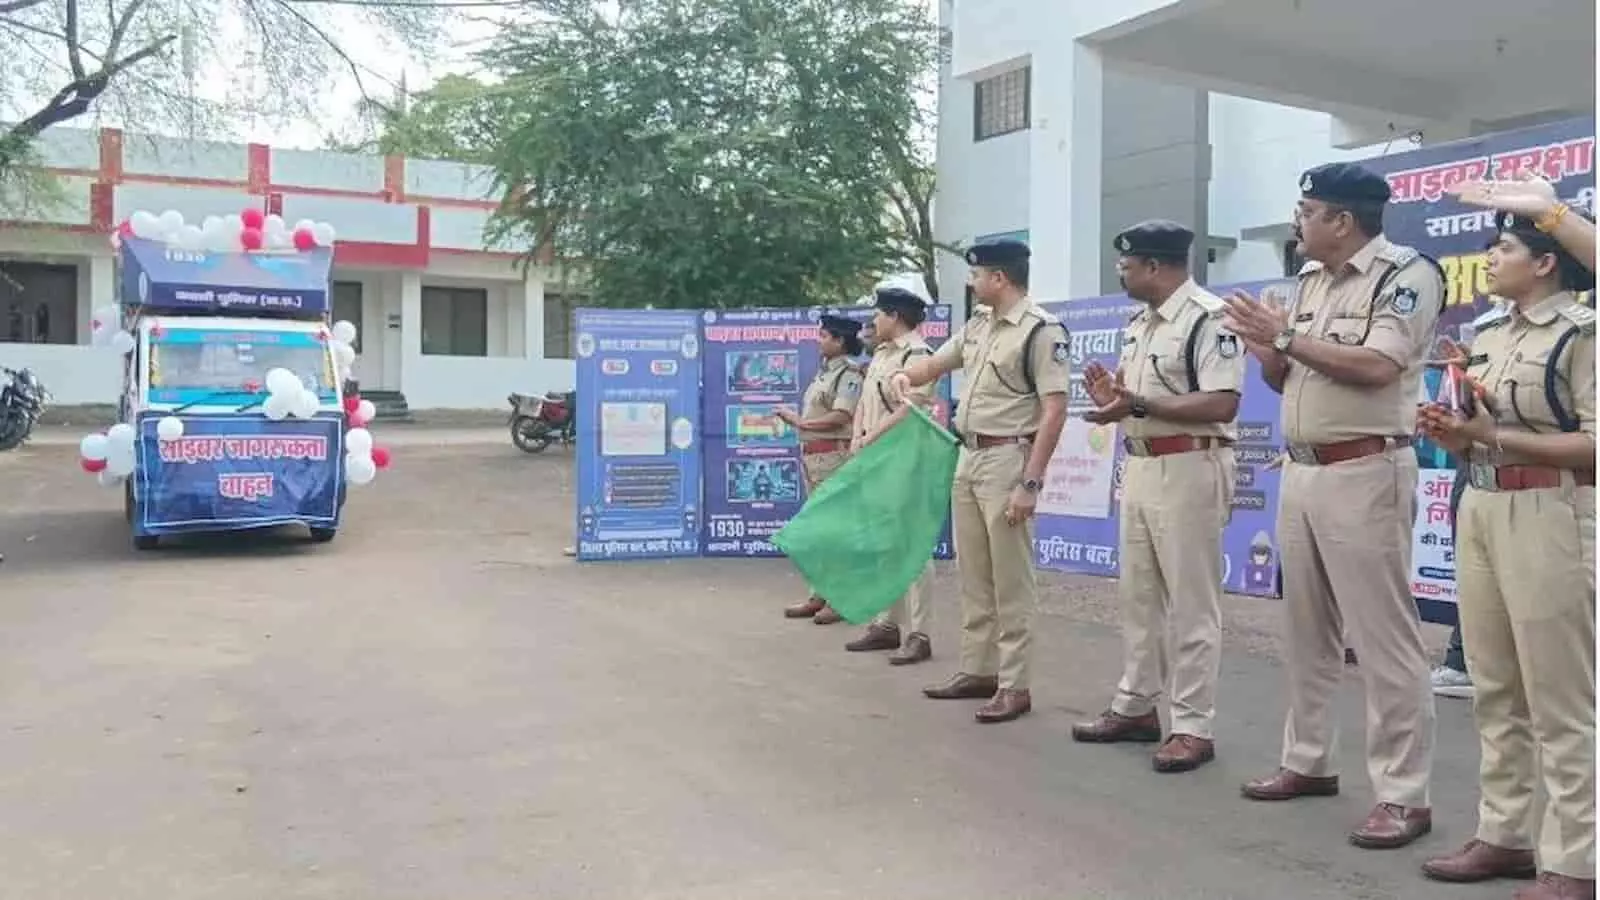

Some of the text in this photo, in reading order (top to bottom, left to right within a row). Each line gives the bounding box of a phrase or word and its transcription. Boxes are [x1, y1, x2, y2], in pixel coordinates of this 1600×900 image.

[224, 434, 328, 461] जागरूकता
[217, 472, 274, 502] वाहन
[708, 520, 744, 537] 1930
[1039, 536, 1083, 564] पुलिस
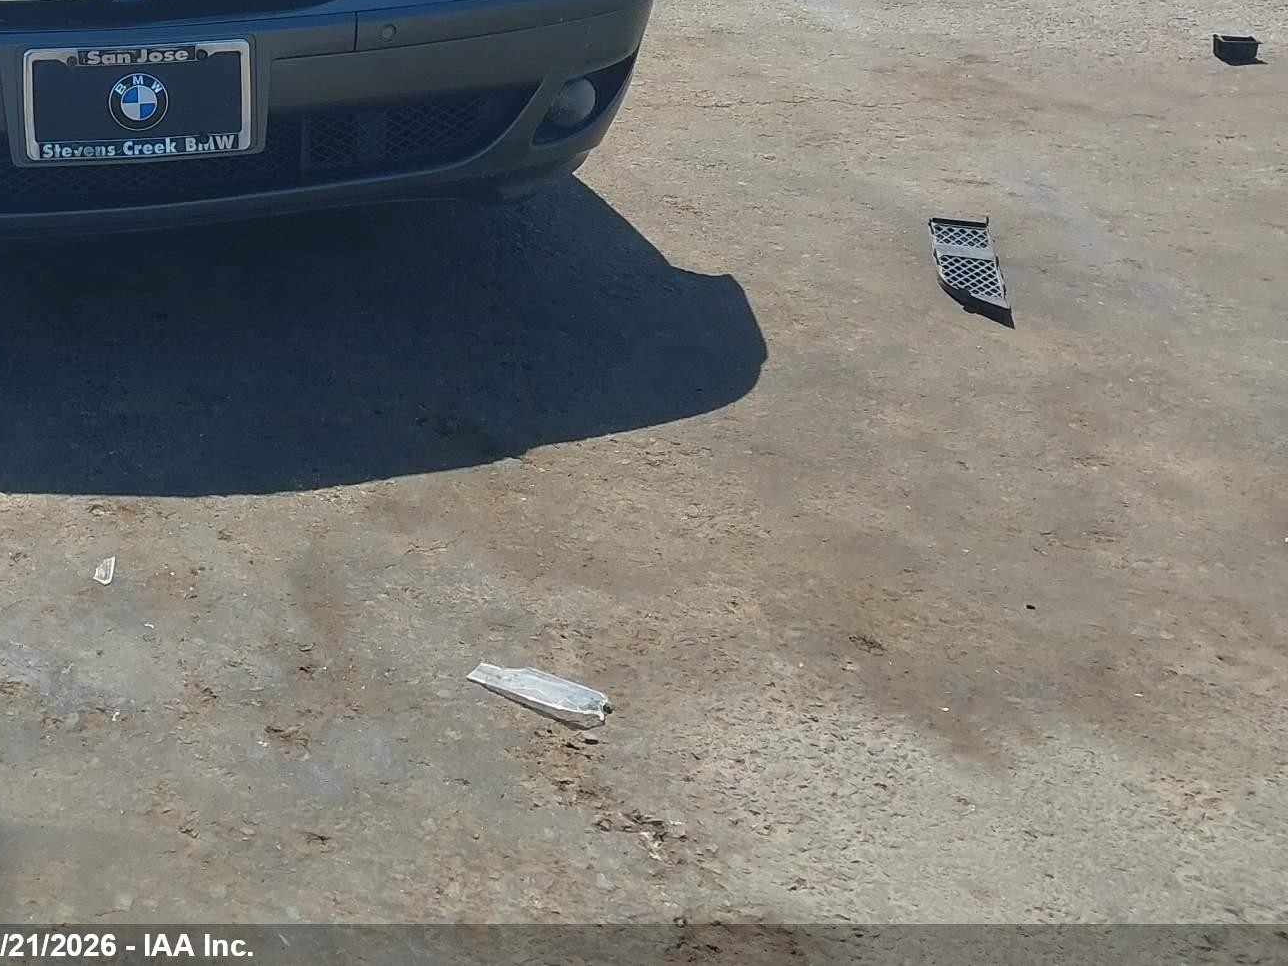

# Task requirements
Set the listing down exactly, without its pictures.

# Answer to the problem
Some of the text in this photo, in reading order (top to bottom, left to right within a row). Each line gives the bounding box of a phrase or word and its transcription. Boxes are [x1, y1, x2, y2], in pixel coordinates of this 1600×900 image.

[224, 434, 328, 461] जागरूकता
[217, 472, 274, 502] वाहन
[708, 520, 744, 537] 1930
[1039, 536, 1083, 564] पुलिस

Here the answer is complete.